A lot of the things that I am intending to write about are a means of catharsis as well as for information. I started physical therapy and prolotherapy about two months ago, and I have been journaling quite a bit to kind of get through it. The first sentence of my first journal entry isn’t a means of complaining, but it is a way of coping with a silent battle that I have had for probably about 20 years. (Pain) Tonight at the dinner table, though, Steven said something to me that later brought tears to my eyes. He said, “You’re a strong person. You will get through this, and remember that you do have a purpose in life. Tell others about pain and that there is life to be lived in spite of waking up some days and “mak[ing] it work.” So here it goes…

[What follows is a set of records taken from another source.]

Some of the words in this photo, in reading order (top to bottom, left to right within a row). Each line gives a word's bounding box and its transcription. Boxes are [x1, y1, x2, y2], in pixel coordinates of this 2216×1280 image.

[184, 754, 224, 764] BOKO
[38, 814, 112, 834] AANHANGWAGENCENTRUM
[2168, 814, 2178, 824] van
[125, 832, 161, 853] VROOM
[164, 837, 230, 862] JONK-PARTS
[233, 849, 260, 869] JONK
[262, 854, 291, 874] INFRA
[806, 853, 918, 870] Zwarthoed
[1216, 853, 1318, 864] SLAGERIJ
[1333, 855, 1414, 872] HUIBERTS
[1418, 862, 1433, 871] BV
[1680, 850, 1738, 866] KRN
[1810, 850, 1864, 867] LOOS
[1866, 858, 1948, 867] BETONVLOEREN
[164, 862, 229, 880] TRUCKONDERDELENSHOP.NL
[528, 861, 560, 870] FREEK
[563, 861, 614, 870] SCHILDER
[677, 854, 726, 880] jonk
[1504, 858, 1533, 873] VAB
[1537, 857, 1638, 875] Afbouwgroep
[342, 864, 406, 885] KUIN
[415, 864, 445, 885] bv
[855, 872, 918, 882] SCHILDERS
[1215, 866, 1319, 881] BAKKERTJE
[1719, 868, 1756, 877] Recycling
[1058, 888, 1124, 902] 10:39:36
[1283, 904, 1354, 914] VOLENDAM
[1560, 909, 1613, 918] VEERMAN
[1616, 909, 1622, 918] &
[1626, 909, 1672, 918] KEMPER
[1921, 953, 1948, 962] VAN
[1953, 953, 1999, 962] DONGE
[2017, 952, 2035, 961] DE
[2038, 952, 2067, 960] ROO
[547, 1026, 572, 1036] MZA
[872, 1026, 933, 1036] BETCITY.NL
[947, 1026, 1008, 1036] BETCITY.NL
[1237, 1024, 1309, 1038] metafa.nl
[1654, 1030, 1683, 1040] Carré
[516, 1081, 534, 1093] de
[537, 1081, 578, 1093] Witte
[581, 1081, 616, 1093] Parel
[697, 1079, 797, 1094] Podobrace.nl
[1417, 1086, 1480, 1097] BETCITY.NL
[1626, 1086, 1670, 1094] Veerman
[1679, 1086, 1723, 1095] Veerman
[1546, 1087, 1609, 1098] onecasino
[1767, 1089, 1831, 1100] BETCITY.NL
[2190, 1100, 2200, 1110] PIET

Whoever coined the phrase, “No pain. No gain,” should be punched in the face. No, I am not on a diet (even though I probably should be). No, I haven’t been depriving myself of food or exercising for hours on end (although I have been given that advice here on numerous occasions, but that is for another time and place). I am one of thousands, if not millions. I suffer from chronic pain, more specifically myofascial pain. It is a type of pain that affects the ligaments and connective tissues of the body and is often difficult to diagnose as it is very similar to fibromyalgia. This pain has been ongoing for about twenty years, and, according to my doctor, is something that will continue to get worse as I get older. (But he said it is manageable, and I can do something about helping myself now as opposed to later when it really gets too late.)
Not a day has gone by that I don’t feel some sort of pain, mostly radiating from my neck and shoulder area but not limited to my lower back and hips. I have suffered from debilitating migraines that I used to get once every six months but two years ago started becoming more frequent. Last year, I recall it was every two months and this year started to become once a month. On one occasion, I was hospitalized for a few hours that night.

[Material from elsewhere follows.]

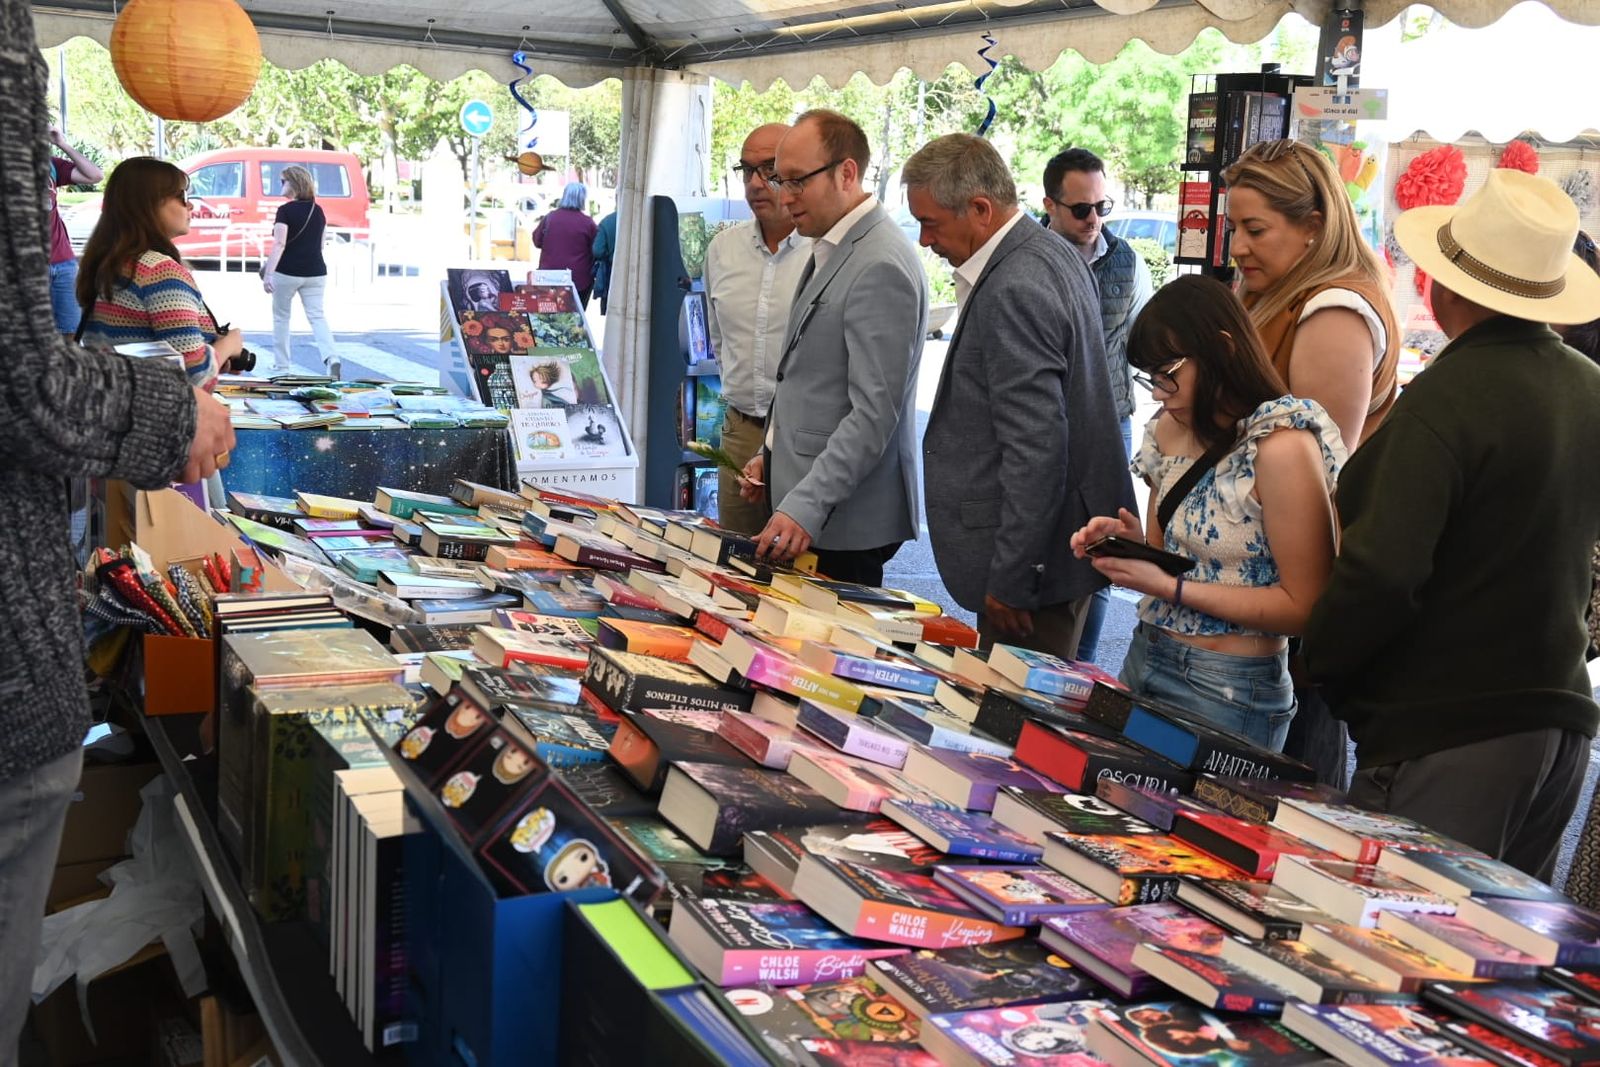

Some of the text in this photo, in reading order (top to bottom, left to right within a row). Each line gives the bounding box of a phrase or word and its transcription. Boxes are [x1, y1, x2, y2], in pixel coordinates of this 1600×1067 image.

After some research, I learned that they are cervicogenic headaches and are because of a muscle at the base of the skull. The muscle spasms uncontrollably and often medication has made it hard to manage. Over Chuseok, I lay in bed and had to let it just spasm. The pounding is rather rhythmic and a lot of contemplation concerning life and an existential crisis usually occurs. As they have become more frequent, it takes a toll on the psyche and creates quite a bit of brain fog.
This is all beside the point of my initial post and making for a rather long post. Future ones will not be as long as this one. To put it bluntly–I effing hurt. After about three years of different types of medical and alternative therapy sought out with the help of my awesome husband and going to countless doctors with an MRI to boot, I think I have found a more permanent solution, and it has been touted in The States as “the alternative to surgery.” (People with bulging discs have even raved about this treatment.) It’s actually working this time, but the treatment length has been prescribed for at least a year or more.
Here’s the rub…providence led me to Korea for so many reasons, and after six years here, one of them is physical healing. I just want to write about my experiences with this treatment. It is quite painful but in this case, “No pain. No gain” works. The therapy is one-tenth of the cost it would be in The States, and even here it is not cheap. It’s worth the money, though, and I feel like it is saving my life in more than one.
Through my treatment, I want to share my thoughts on pain and the treatment of pain. I am an anti-pain killer and anti-medicine person. I have felt most of my life that we are too anesthetized in America, and I have seen people I know lose themselves to various prescription drugs. So, I have often refused to take any medication unless absolutely necessary. During this treatment, I am terrified of taking anything because I most certainly cannot take anti-inflammatory meds. It cancels out the process of prolotherapy. (I will explain what it is quite soon.)
I have suffered mostly in silence (I feel like I have gotten more vocal about it as it has gotten worse, and I feel like a loser for that.). Now I am talking about it. The brain fog associated with all of this has greatly impacted my relationships, and most people have not been able to understand why I have almost fallen off the face of the planet, especially people on Facebook, a place where it feels like people put too much stock in who says what to you or who doesn’t say anything to you. Some people think, “Look at her. She thinks she is better than people because she lives in Korea.” That is the farthest thing from the truth, but whatever. I used to be so active. I try to be active now as well, but it isn’t the same as before. I have run in 10 km races thanks to my awesome friend. I was even able to run a half marathon. But as the pain got worse, and I couldn’t explain it, I started seeking answers and trying to correct the issue.
On most days, my three is another person’s 300 on the pain scale. Through this healing process, a weight is being lifted from me, and I feel lighter as my body aligns itself back into the proper place. All of the pain will never completely go away, but this at least helps in managing it. Other things are going away, but it is also a psychological process as well. It’s not easy. I look to my mom and think though, she had it so much worse. She faced death, and she came out on the other side. My mom is my inspiration. We have passed the two-year anniversary of her double transplant, and she as well as even her own mother never once complained about their pain and how they felt. I wish I could be more like them.
In this process, I am finding out that I really am a strong person. I am not weak. Somewhere I have a purpose in this world. I am going through just like anyone else.